Matthew Van Dongen – Charlatan Staff, Carleton University

In less than 2 years with very little or no funding at all, thegreenpages.ca received over 5000 unique visitors a month and has been recommended by over 200 environmental organizations from across Canada and around the world. There are over 1500 web resources in our database and a consistent
flow of environment-related events and action alerts submitted to our web site on a weekly basis.

thegreenpages.ca
by MATTHEW VAN DONGEN Charlatan Staff, Carleton University

The Internet landscape is about to get a lot greener, thanks to Rex Turgano’s new environmental Web site www.thegreenpages.ca.

Turgano, a fourth-year environmental student at the University of Waterloo, says he created the site to provide a searchable database of environmental links for student research. It currently lists over 900 Canadian links, although prominent links from around the world are also available.

The site is unique not in its size, but in its organization. Turgano says he has sifted through every link he has collected over the past two years, categorizing them into more than 50 themes. These themes range from waste management to wetland protection to “green” business enterprises.

Turgano says the idea for the site originated in his frustration at the length of time it took students to research environmental information on the Internet. Other environmental databases, he says, “were all over the place.” Jeff London, of the Environmental News Network – an Internet-based environmental news provider – says the amount of environmental information on the Internet is overwhelming. He’s not alone.

“It’s important for someone to step in and put it together in an accessible way,” says Tony Ward, director of Brock University’s Centre for the Environment. Ward says upper-year students need the Internet for fast, reliable information. A site like Turgano’s is useful, he says, because hard-copy environmental research quickly becomes outdated.

Turgano is working to have the site ready for its official “opening day” on April 2001, coinciding with Earth Day. Although the site isn’t finished yet, it’s been available for viewing since Feb. 2000, and has already had over 20,000 visitors.

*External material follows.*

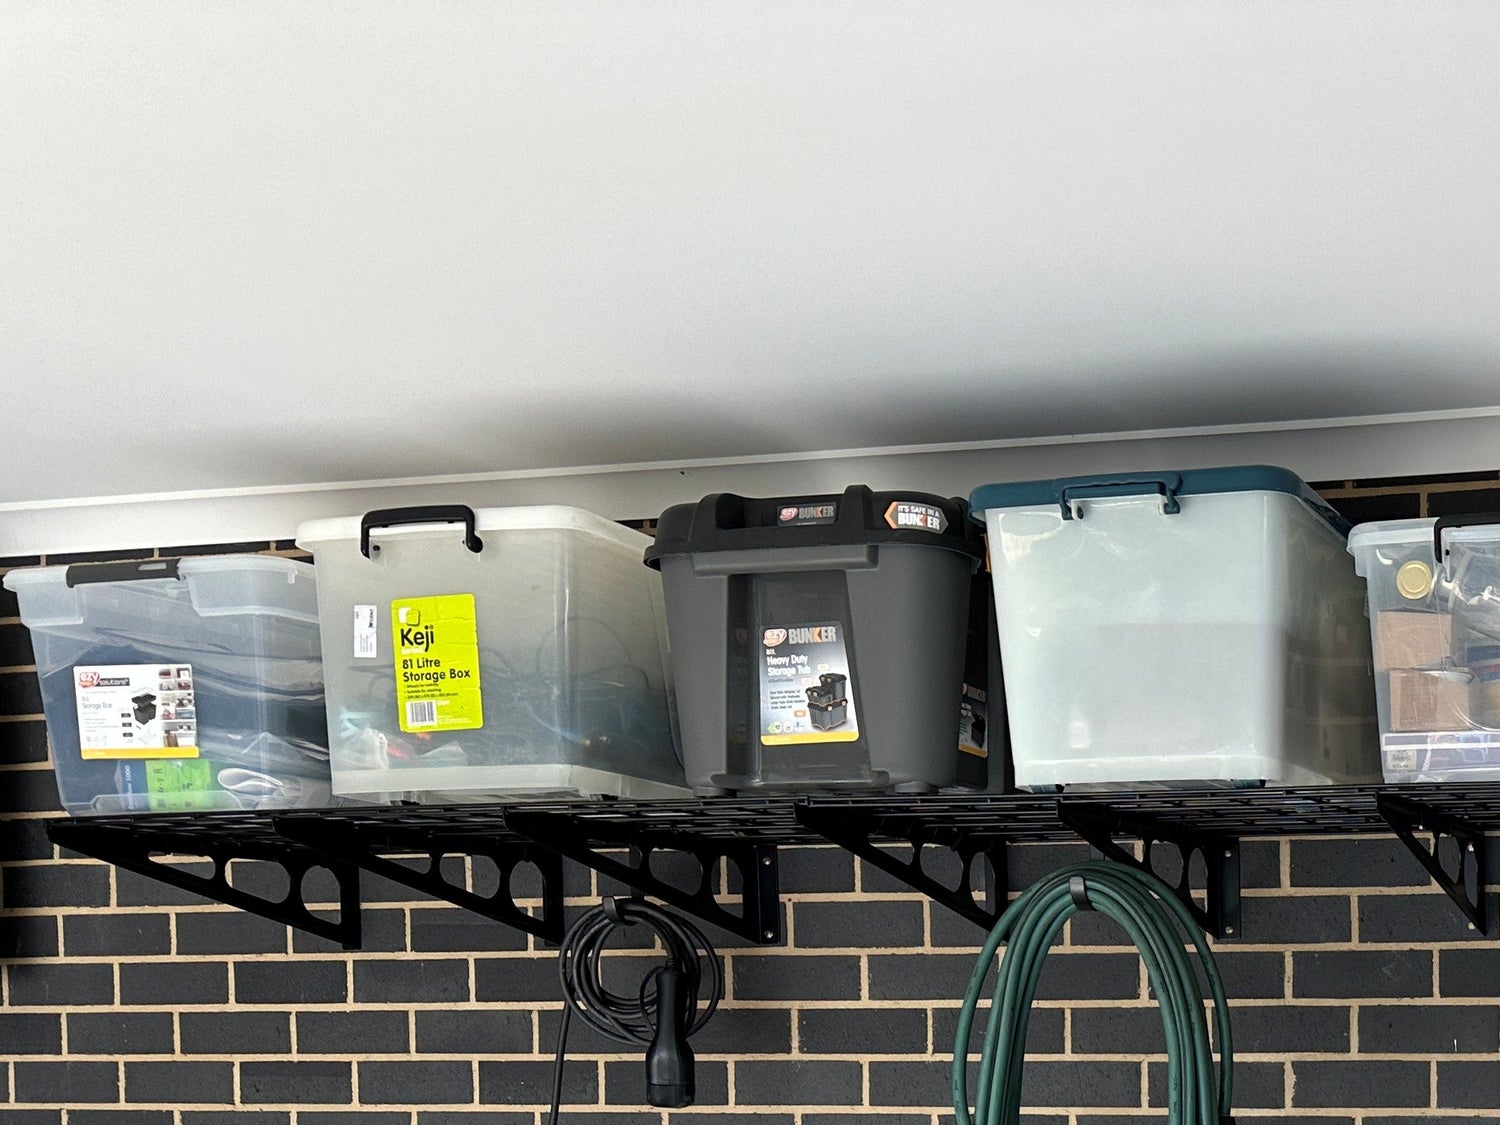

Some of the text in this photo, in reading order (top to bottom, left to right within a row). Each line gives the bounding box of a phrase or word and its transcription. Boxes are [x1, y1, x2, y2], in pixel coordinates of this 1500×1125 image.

Preet Jaswal, an upper-year environmental student at University of Waterloo, is one of those visitors. He says that although there are many environmental sites available on the Internet, “none parallel the many dimensions and Canadian focus” offered by Turgano’s site.

Jaswal says the site is invaluable in his thesis work, adding there is a growing student need for a site like this at all educational levels.

Turgano has been adding onto the site constantly, thereby broadening the project’s scope. As of the new year, the site was posting environmental news, community events, job opportunities, and a free e-mail service.

Ultimately, Turgano says he’d like the site to provide “one-stop environment-information shopping.”

What surprises some people is that Turgano is a one-man show. A student in Russia recently called up Turgano and asked to join his “organization,” he says. “I had to break her heart – this is all me.”

He says he’s received a lot of feedback about the site, and not only from research students. A link to the site is featured prominently on the Globe and Mail’s Web page, and last summer Turgano received an Environmental Citizenship Award from Environment Canada for his efforts.

Despite the success he’s had so far, Turgano will continue to operate the site on a non-profit basis for now.

There is little advertising on the site, and he says his expenses are low. “I didn’t plan to make money off of this,” he says. “If it ends up happening, I guess that’d be nice.”